That evening, at dusk, our friend Mauo who worked at the resort (and also did the flower arrangement at the church) took us for a walk around the village. Asau village is small and acquaint, especially at twilight. I will never forget that walk and how wild and green the place was. The temperature was still warm and sticky, and the smell of farmland and bonfire stuck out. We met many locals along the way, from babies to pigs. Lots of pigs running around wild and free. As dark began to set a boy with a horn started to blow and the dusty track roads began to empty. We were approached by two boys asking what we doing still out at this time. Mauo explained that she was just showing us the village and how she’s still at work. Every evening at that time the horn blows for around 20 minutes. Samoans believe that during this time everyone should be at home spending time with family and having their meal together. It was a strange concept to me at first, having someone tell you what to do. But I kept thinking about it and I believe it’s a beautiful idea. If more families took this up, they’d be happier and content.

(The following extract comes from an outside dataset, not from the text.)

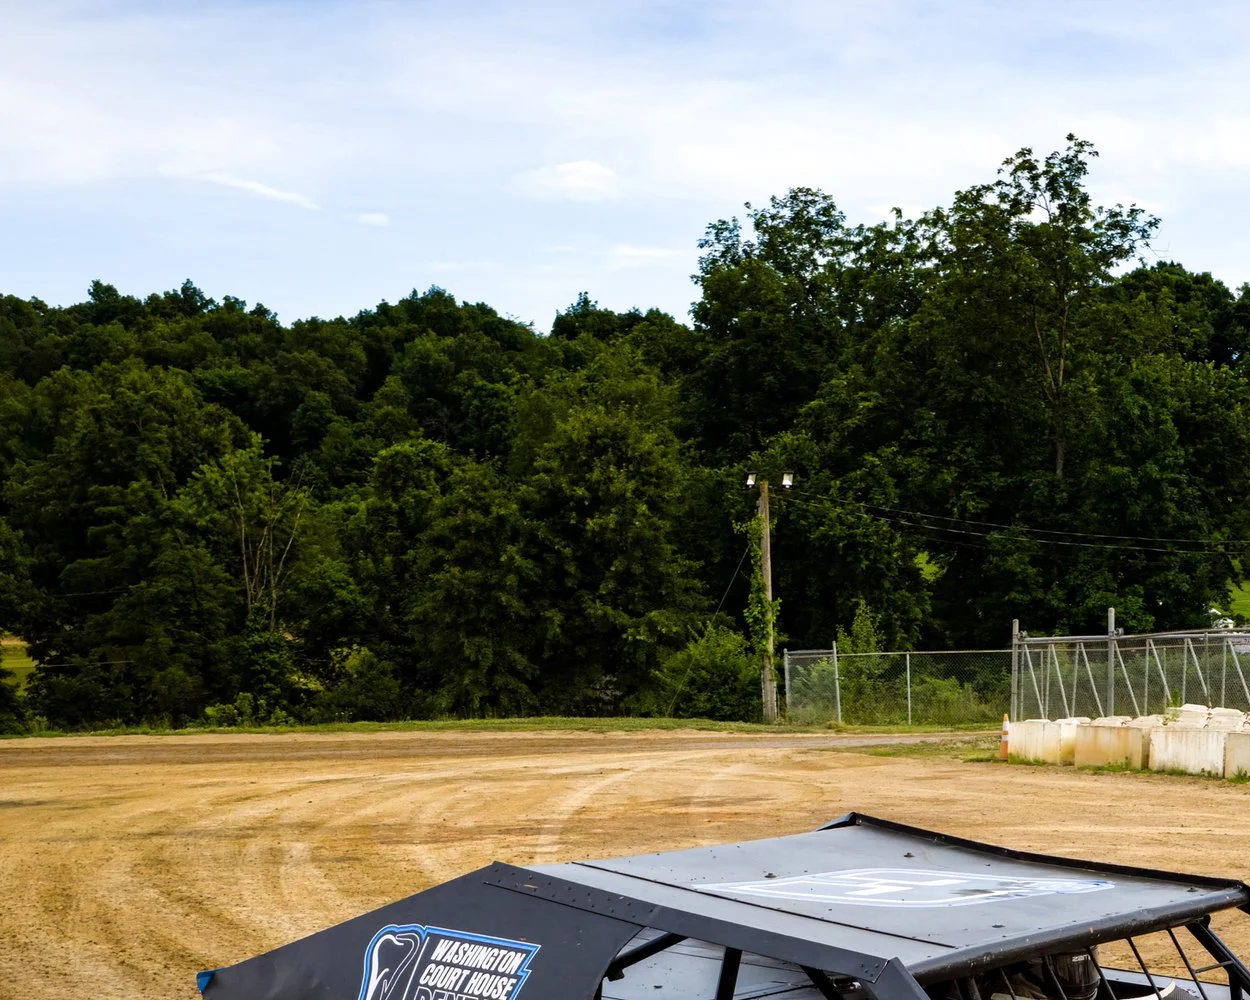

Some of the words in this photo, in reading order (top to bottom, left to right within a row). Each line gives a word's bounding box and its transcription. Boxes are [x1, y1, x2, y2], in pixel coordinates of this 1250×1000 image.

[431, 938, 526, 975] WASHINGTON
[419, 963, 470, 993] COURT
[463, 971, 518, 1000] HOUSE

People are so busy nowadays in the western world with technology and stupid amount of hours jobs that they forget what’s really important. The number one priority amongst Samoans is family and I think they have nailed it. Their life style really did blow me away, I’ve never been to a place so different, and actually really feel involved and absorbed into it like Samoa. Sure, I’ve been to Thailand and met locals and witnessed their cooking skills. I’ve sat up all night drinking rum with the people of Borneo. But Samoa was different, the people aren’t trying to impress all the time, they’re not trying to make money out of you, they’re just real and happy you’re there seeing how they live. 
   

Vaimoana

   
  
One evening we were invited to the village to watch a show the locals had put on for the festival that happens every year. Us and an Argentinian couple were the only non locals there. Young kids sat on the ground watching the “stage” with everyone else siting on plastic chairs behind.  When we arrived there was no room, it was a huge turn out. People eagerly stood up to give us their chairs and made room for us right at the front, it was so sweet. The performances that night were seriously one of a kind and such talent amongst one small village in the heart of the Pacific. From young boy choirs, to traditional Samoan dances from woman and men of all ages. My favourite was a group of teenagers telling old Pacific tales using props as canoes and jungles. It was so creative, and not a word was in English but I learnt so much and understood everything that was happening. It blew my mind how this one small village had so much originality and  such a sense of community, I felt privileged  to have watched the show as it was completely for the locals.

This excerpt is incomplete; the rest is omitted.